法華狼の日記

他名義は“ほっけ”等。主な話題は、アニメやネットや歴史認識の感想。ときどき著名人は敬称略。

『エレメントハンター ELEMENTHUNTERS』MISSION.1 異世界へ!

NHK教育で土曜日18時から放映開始したSFアニメ。原案は脚本家の伊藤和典、シリーズ構成は荒川稔久。監督は奥村よしあき、ホン・ハンピョの連名。
キャラクター原案は奥村大悟。どこかで見た衣装デザインと思っていたが、3DCGの美少女キャラクターを当時としては違和感なく描いたゲーム『ゆめりあ』のデザイナーか。


まず、きちんと絵になりつつ理屈がわかりやすい基本設定がSFアニメとして素晴らしい。一種類の元素が消失して大陥没が起き、消失した元素が異世界でモンスターになり、モンスターを退治することで災害の進行を防ぐ。今回は窒素の消失をめぐる物語で、異世界における芋のSF設定*1が面白い。
前半で伏線を張って後半で解決、主人公を補佐する存在や敵対する存在は次回に説明という流れも過不足なく、個々のキャラクターから基本設定まで理解でき、初回としては教科書的とすらいえる。
ただしドラマを見ると、いかにも荒川稔久脚本らしく、キャラクターの思考がどこかずれていて、ともすれば現実味を損ないそうになる。「幽霊城」に対して、作中の現実感を線引きするための、第三者を想定した突っ込みを入れてほしい。あるいは、演出でキャラクターの反応を抑制し、白昼夢のように描写するとか。SF描写で充分に風変わりな世界を見せているのだから、キャラクターまで異常にすることはない。アンドロイドメイドという存在を肩透かしに使うという対象年齢を考えれば高度なギャグとか、荒川脚本らしい良さも色々あったのだが。

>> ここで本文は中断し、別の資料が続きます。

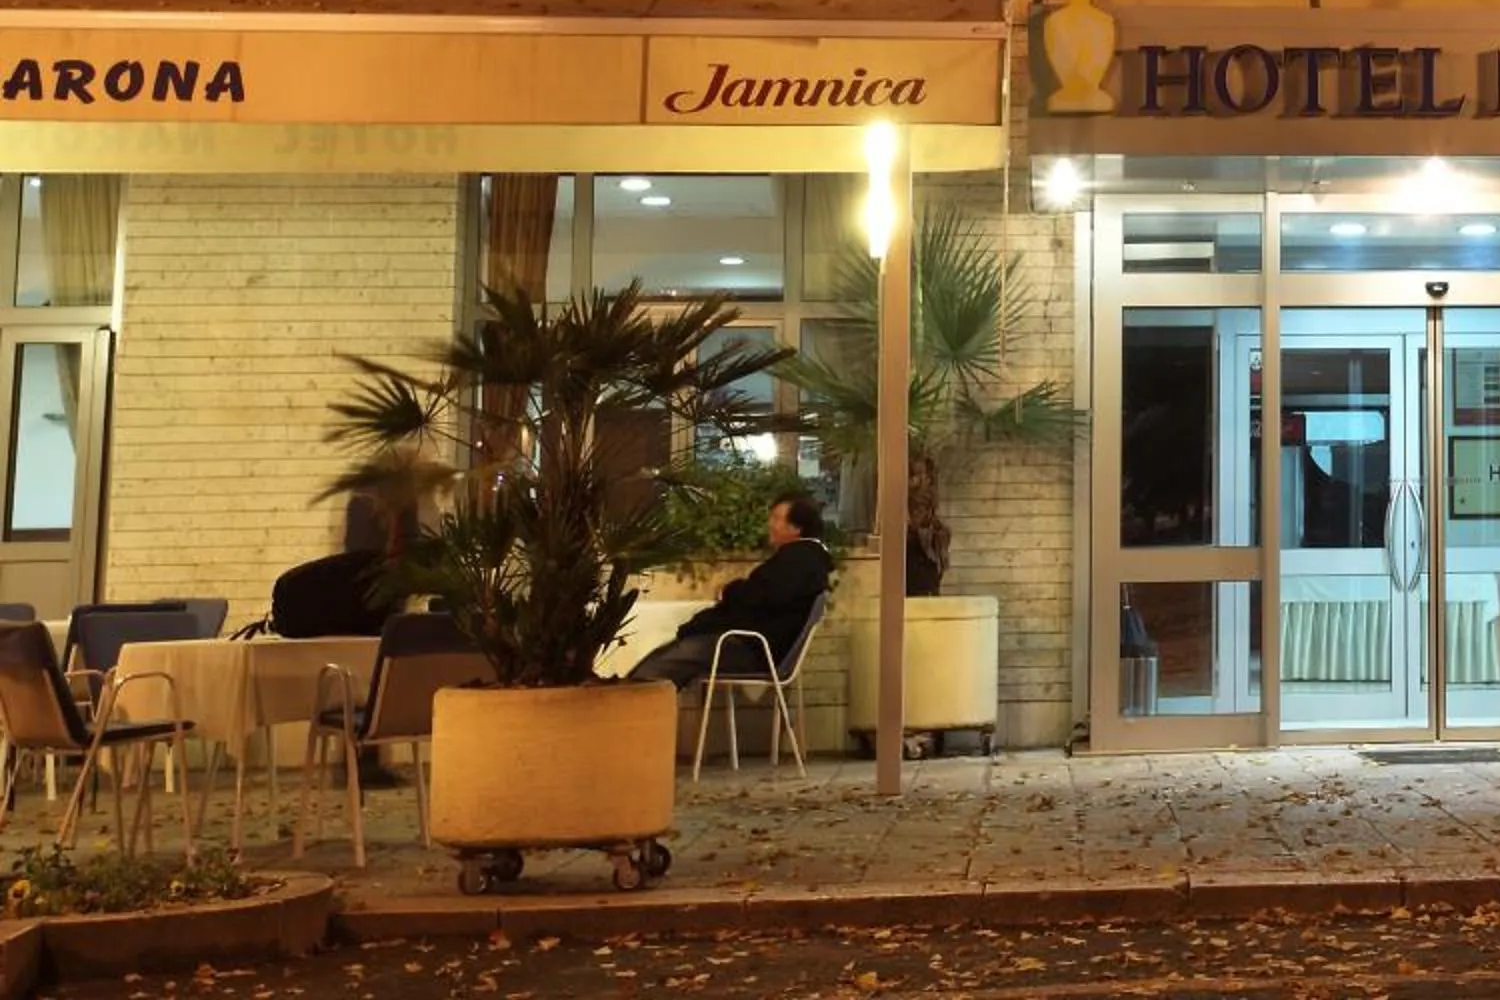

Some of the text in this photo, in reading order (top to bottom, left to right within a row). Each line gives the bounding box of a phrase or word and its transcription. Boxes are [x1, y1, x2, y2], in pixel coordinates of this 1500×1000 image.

[2, 59, 244, 104] ARONA
[663, 63, 927, 115] Jamnica
[1137, 43, 1466, 117] HOTEL
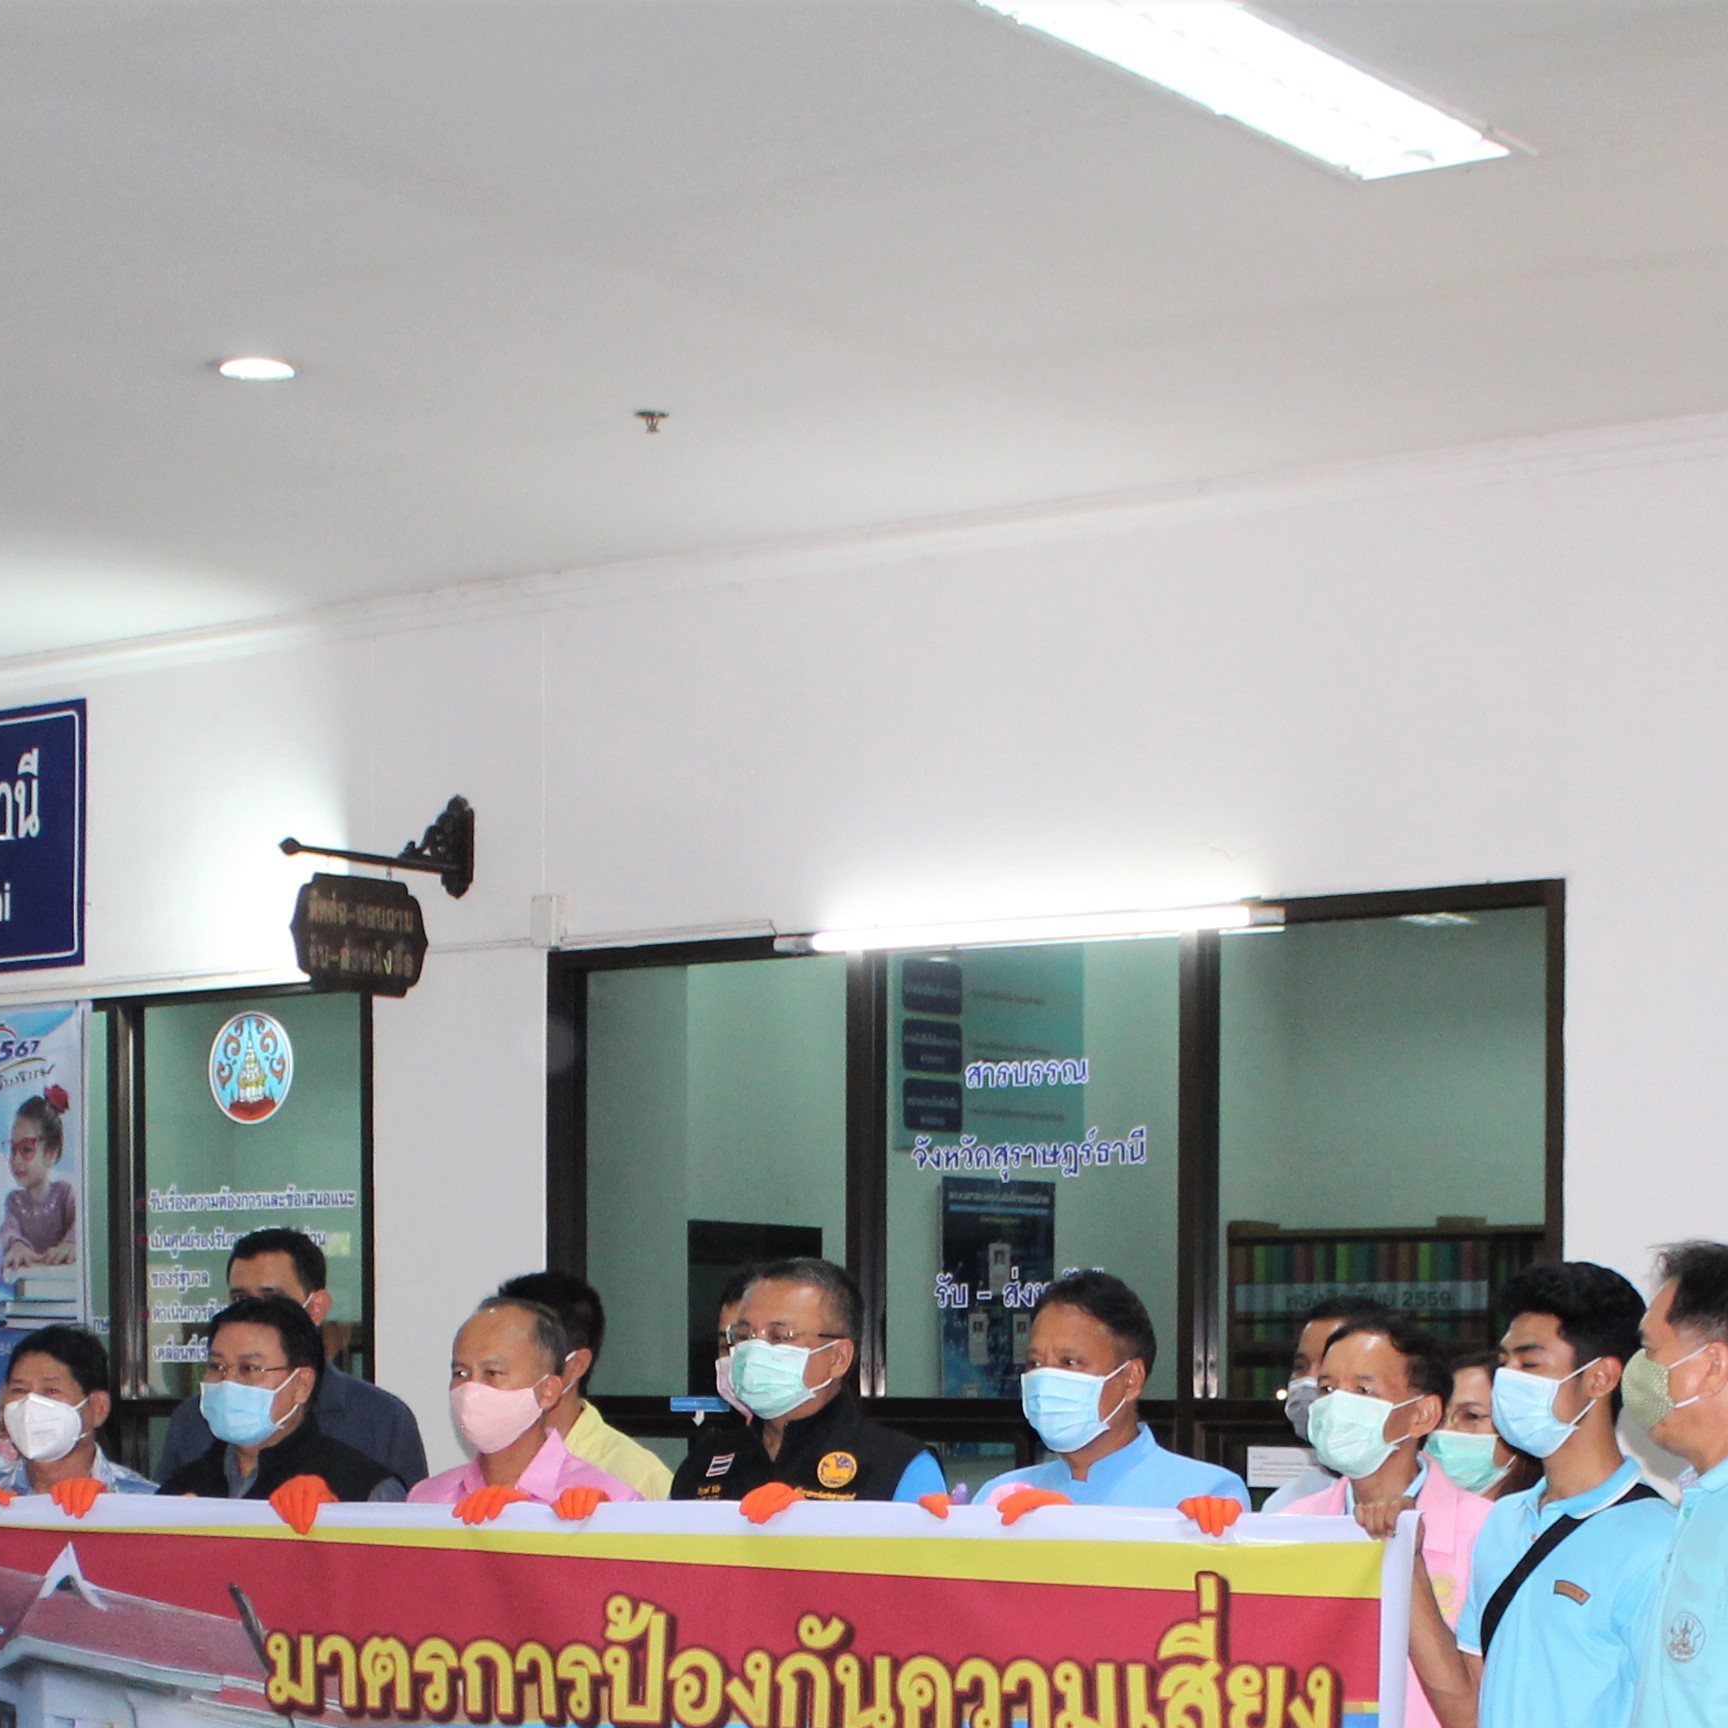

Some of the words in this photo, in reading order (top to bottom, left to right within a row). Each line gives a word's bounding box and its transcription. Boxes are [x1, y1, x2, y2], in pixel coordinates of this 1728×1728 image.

[965, 1058, 1090, 1089] สารบรรณ
[911, 1126, 1148, 1183] จังหวัดสุราษฎร์ธานี
[934, 1273, 969, 1308] รับ
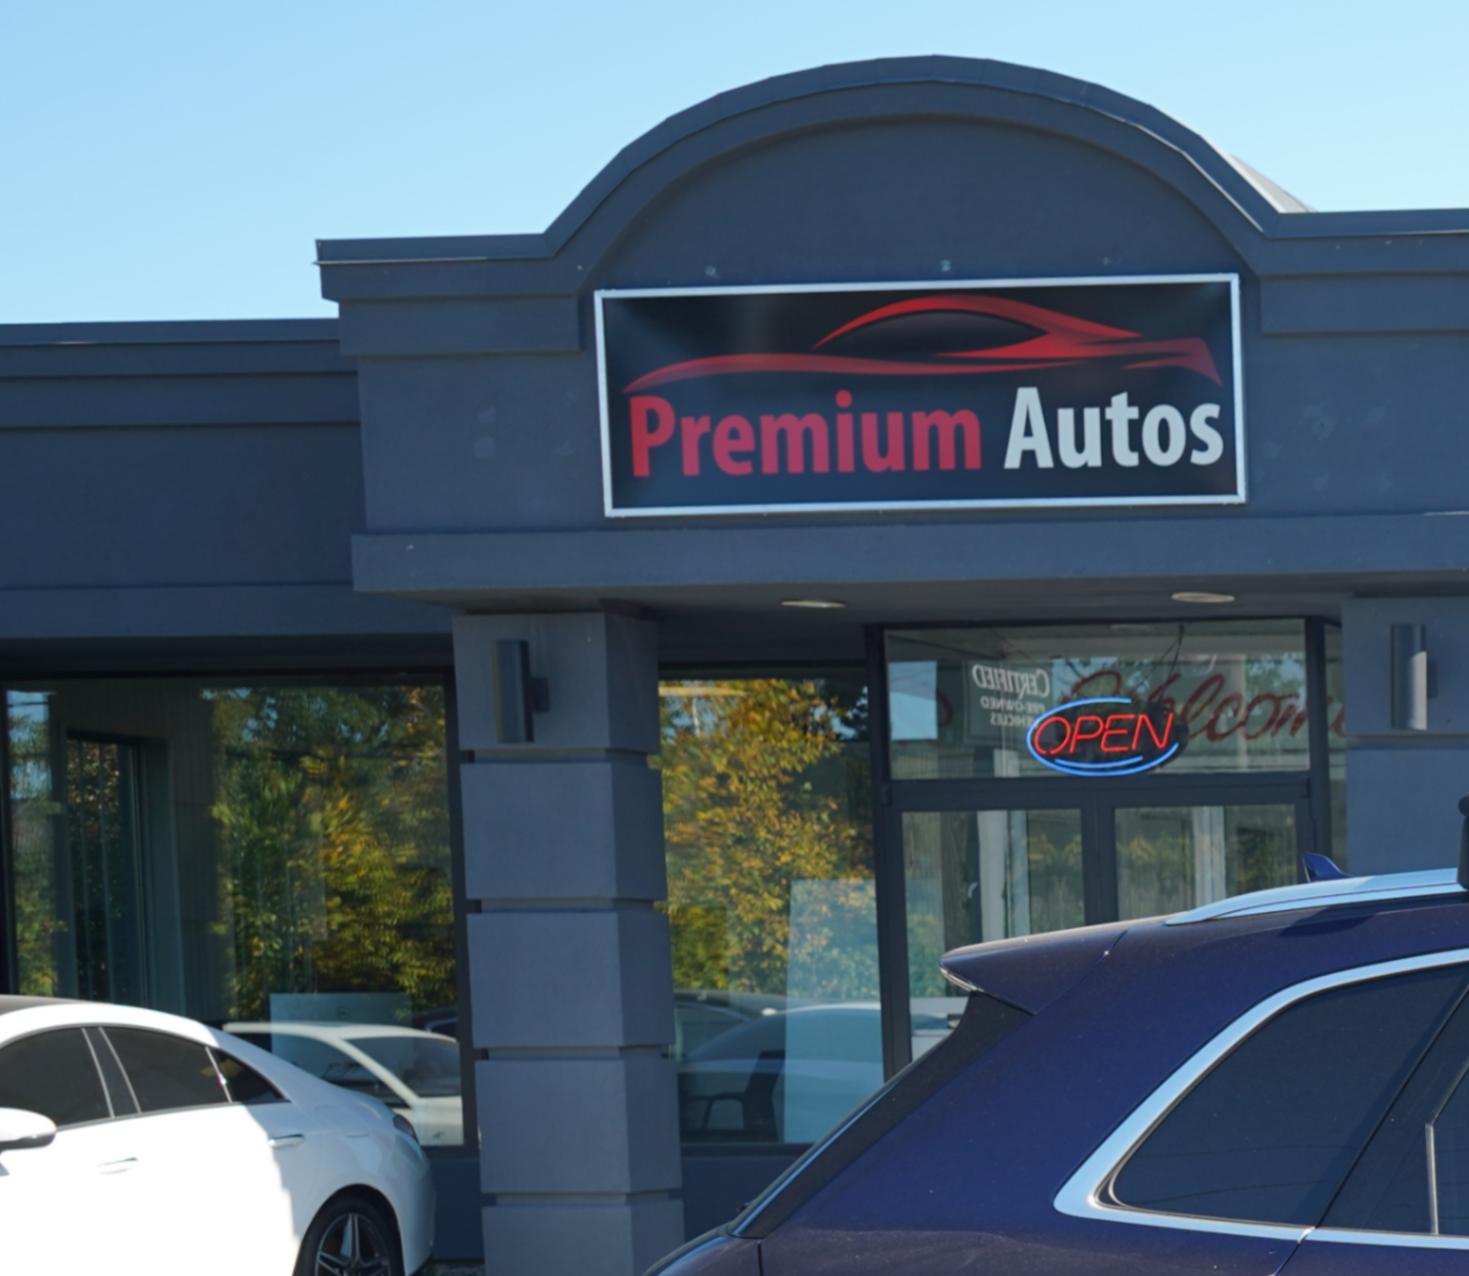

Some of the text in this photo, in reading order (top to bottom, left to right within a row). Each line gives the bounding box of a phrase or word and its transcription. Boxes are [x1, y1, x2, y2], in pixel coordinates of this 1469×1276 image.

[628, 386, 1225, 478] Premium Autos
[1032, 711, 1176, 757] OPEN

予告映像ではわからなかったが、少なくとも本編キャラクターは全て手書き作画の様子。キャラクターの色指定が少し独特で、頭髪の色が薄いと睫毛の色も薄く描かれているのが面白い。
クレジットを信じる限り、作画作業は韓国のみで行っているらしいが、これといった破綻も見当たらず、上等だろう。枚数が多く動きがなめらかで、作画修正が行き届いているし、背景動画も破綻なく、意外とアクションでも見所がある。ただ、動画が均等割りっぽくて、動きにメリハリがなくて面白味に欠けるカットが多い。人形か3DCGのように感じた原因か。キャラクターデザインこそ重ねて垢抜けてきているが、作画技術全体では以前にNHKで放映された韓国製TVアニメ『少女チャングムの夢』と似た印象だ。
しかし、『少女チャングムの夢』と比べて撮影技術は大きく改善されている。コンテが日本人であるおかげか、PANが機械的な処理でなく、適正に速度を変化させている。セルと背景の質感もなじんでいて、どちらかが目立つということもない。
あと、キャラクターデザインが端正なだけに、デフォルメされた表情や殺陣とのリアリティレベルが合っていない感も何度かあった。いくら異世界とはいえ、あれだけ凄い動きをさせるには、何らかの補足描写がほしい。ここは初回からでも特殊なスーツを着せるべきだったと思う。


先鋭的なSF設定と、一周回って新しい本編という組み合わせで、実にNHKアニメらしい雰囲気。
前述したように脚本や作画では違和感も散見されたが、全体的には面白かった。違和感も、視聴を続けていく内に慣れることを期待したい。

*1:予告映像のエントリで書いた役職は誤り。金子隆一氏はSF設定で、科学考証には別人が立てられている。